#### Records to use
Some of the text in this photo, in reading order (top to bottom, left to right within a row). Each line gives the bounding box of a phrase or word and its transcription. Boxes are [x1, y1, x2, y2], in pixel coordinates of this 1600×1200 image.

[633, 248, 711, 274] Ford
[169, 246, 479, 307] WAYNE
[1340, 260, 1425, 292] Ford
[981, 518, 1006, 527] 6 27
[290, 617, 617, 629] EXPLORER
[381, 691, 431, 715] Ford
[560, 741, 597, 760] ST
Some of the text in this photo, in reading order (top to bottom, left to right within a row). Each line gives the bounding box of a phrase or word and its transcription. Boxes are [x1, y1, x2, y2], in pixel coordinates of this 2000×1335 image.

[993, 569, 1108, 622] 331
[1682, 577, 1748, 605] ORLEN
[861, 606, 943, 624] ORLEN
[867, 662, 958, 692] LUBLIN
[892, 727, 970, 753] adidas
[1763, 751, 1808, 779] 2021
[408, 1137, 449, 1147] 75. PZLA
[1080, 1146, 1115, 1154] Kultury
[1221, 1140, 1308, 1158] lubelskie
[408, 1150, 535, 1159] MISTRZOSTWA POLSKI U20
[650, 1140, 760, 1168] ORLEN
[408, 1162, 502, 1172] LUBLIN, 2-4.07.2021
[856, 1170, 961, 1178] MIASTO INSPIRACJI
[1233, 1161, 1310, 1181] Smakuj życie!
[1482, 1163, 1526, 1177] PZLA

#### Exercise
All entries must be given again exactly.

#### Exercise solution
Some of the text in this photo, in reading order (top to bottom, left to right within a row). Each line gives the bounding box of a phrase or word and its transcription. Boxes are [x1, y1, x2, y2], in pixel coordinates of this 1600×1200 image.

[633, 248, 711, 274] Ford
[169, 246, 479, 307] WAYNE
[1340, 260, 1425, 292] Ford
[981, 518, 1006, 527] 6 27
[290, 617, 617, 629] EXPLORER
[381, 691, 431, 715] Ford
[560, 741, 597, 760] ST
Some of the text in this photo, in reading order (top to bottom, left to right within a row). Each line gives the bounding box of a phrase or word and its transcription. Boxes are [x1, y1, x2, y2], in pixel coordinates of this 2000×1335 image.

[993, 569, 1108, 622] 331
[1682, 577, 1748, 605] ORLEN
[861, 606, 943, 624] ORLEN
[867, 662, 958, 692] LUBLIN
[892, 727, 970, 753] adidas
[1763, 751, 1808, 779] 2021
[408, 1137, 449, 1147] 75. PZLA
[1080, 1146, 1115, 1154] Kultury
[1221, 1140, 1308, 1158] lubelskie
[408, 1150, 535, 1159] MISTRZOSTWA POLSKI U20
[650, 1140, 760, 1168] ORLEN
[408, 1162, 502, 1172] LUBLIN, 2-4.07.2021
[856, 1170, 961, 1178] MIASTO INSPIRACJI
[1233, 1161, 1310, 1181] Smakuj życie!
[1482, 1163, 1526, 1177] PZLA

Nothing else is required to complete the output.